Fisheries Data Goes High-Tech in Tonga
By Alison Barrat and Steve Saul
Roughly one billion people around the world depend on fish from the sea for protein, this makes it vital to understand and manage fish stocks properly. Although there are many factors that affect fish populations, such as climate change, ocean acidification, and water pollution, catching fish for human consumption is the biggest stress on fish numbers. To ensure that we use our marine resources sustainably, while protecting fish populations and the coral reefs where they live, we need to understand and manage human behavior. After all, managing fish populations is really about managing the people who fish for them.
Over the past ten years Living Oceans Foundation fellow, Steve Saul, has focused his research on people’s dependence on reef fish and how coastal residents in coral reef areas, whose livelihoods are dependent on healthy fisheries, relate to one another.
Understanding Fisheries Data
Steve says ‘One of the ways that I have sought to understand and quantify how people relate to the marine environment is through modelling’. He recently built a spatially explicit model of the reef fish fishery on the West coast of Florida. ‘An important component of developing this model was to spend time with the fishermen and women to learn how they make decisions about when they fish and how they respond to management measures’ he states.
To develop the model he combined the fisher survey data with US fishery management data on fish habitat, fish abundance, fish life cycle, and fishing catch and effort. The project was able to improve the evaluation of important grouper and snapper species by better understanding fisher decision making, and how this affects what fishers target and catch.

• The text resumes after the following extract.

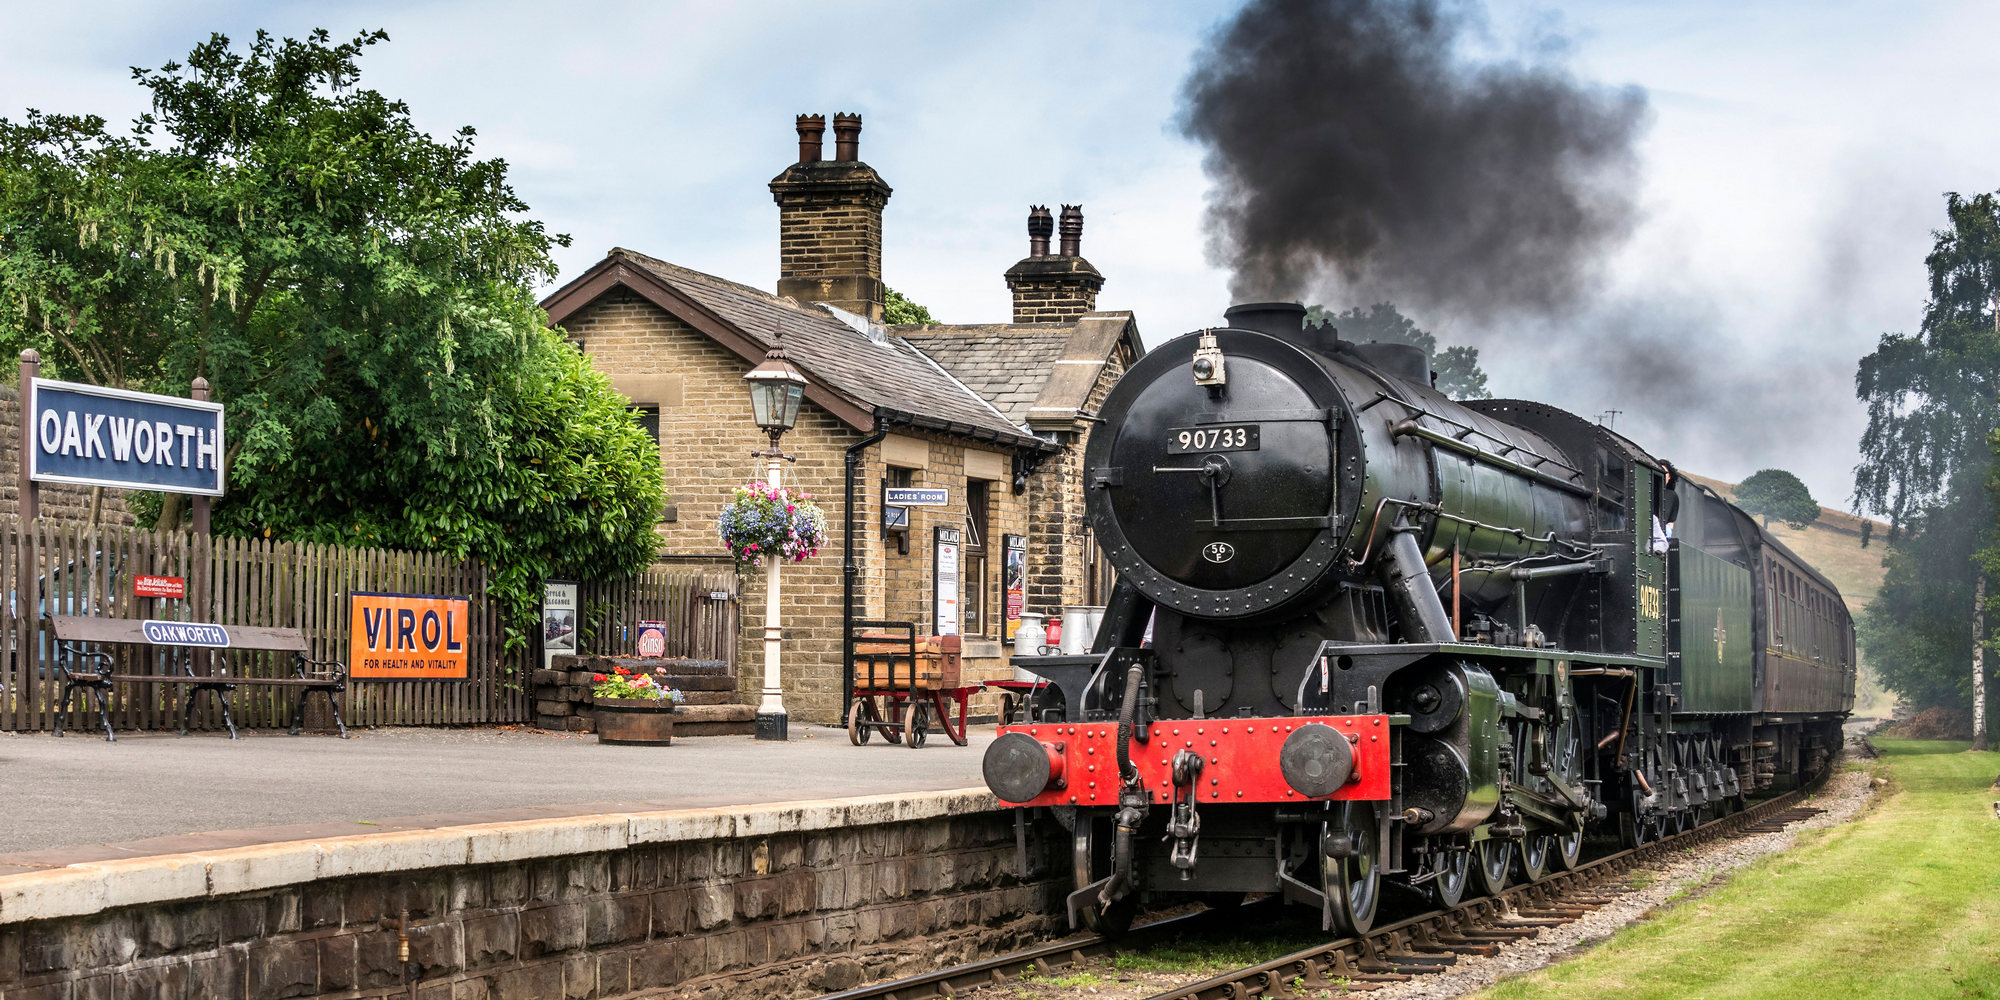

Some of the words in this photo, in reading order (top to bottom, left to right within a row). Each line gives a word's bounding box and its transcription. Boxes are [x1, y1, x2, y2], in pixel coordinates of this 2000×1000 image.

Understanding Fishing in Tonga
Now Steve and the Living Oceans Foundation are about to launch a similar project in Tonga. Many Tongans depend on subsistence farming and fishing for their livelihood, and eating reef fish is part of their daily diet. The Foundation’s Global Reef Expedition visited Tonga to survey coral reefs last year, and we are now returning to help willing local communities and the Tongan government implement fisheries related conservation measures. One of the ways we’ll do this is to develop a spatially explicit simulation model, similar to the one Steve developed on the West coast of Florida.
Managing Fishing Data
Steve explains ‘During our return visit we will be meeting with local fishers to learn about and collect data on how they fish, what gears they use, what they target, and what they consider when making fishing related decisions.’ This information will be critical in developing a simulation model. While Steve is developing the model he will meet with the local stakeholders to obtain their feedback and fine tune the model. He states, ‘Once we are satisfied that the simulation represents the basic human and biological dynamics of the fishery, the model will be used to explore different potential management measures.’ The model will help the Tongan community to evaluate and quantify the benefits and costs of potential different management measures. The hope is that the proposed work will help ensure environmental protection and food security for Tongan communities in the future.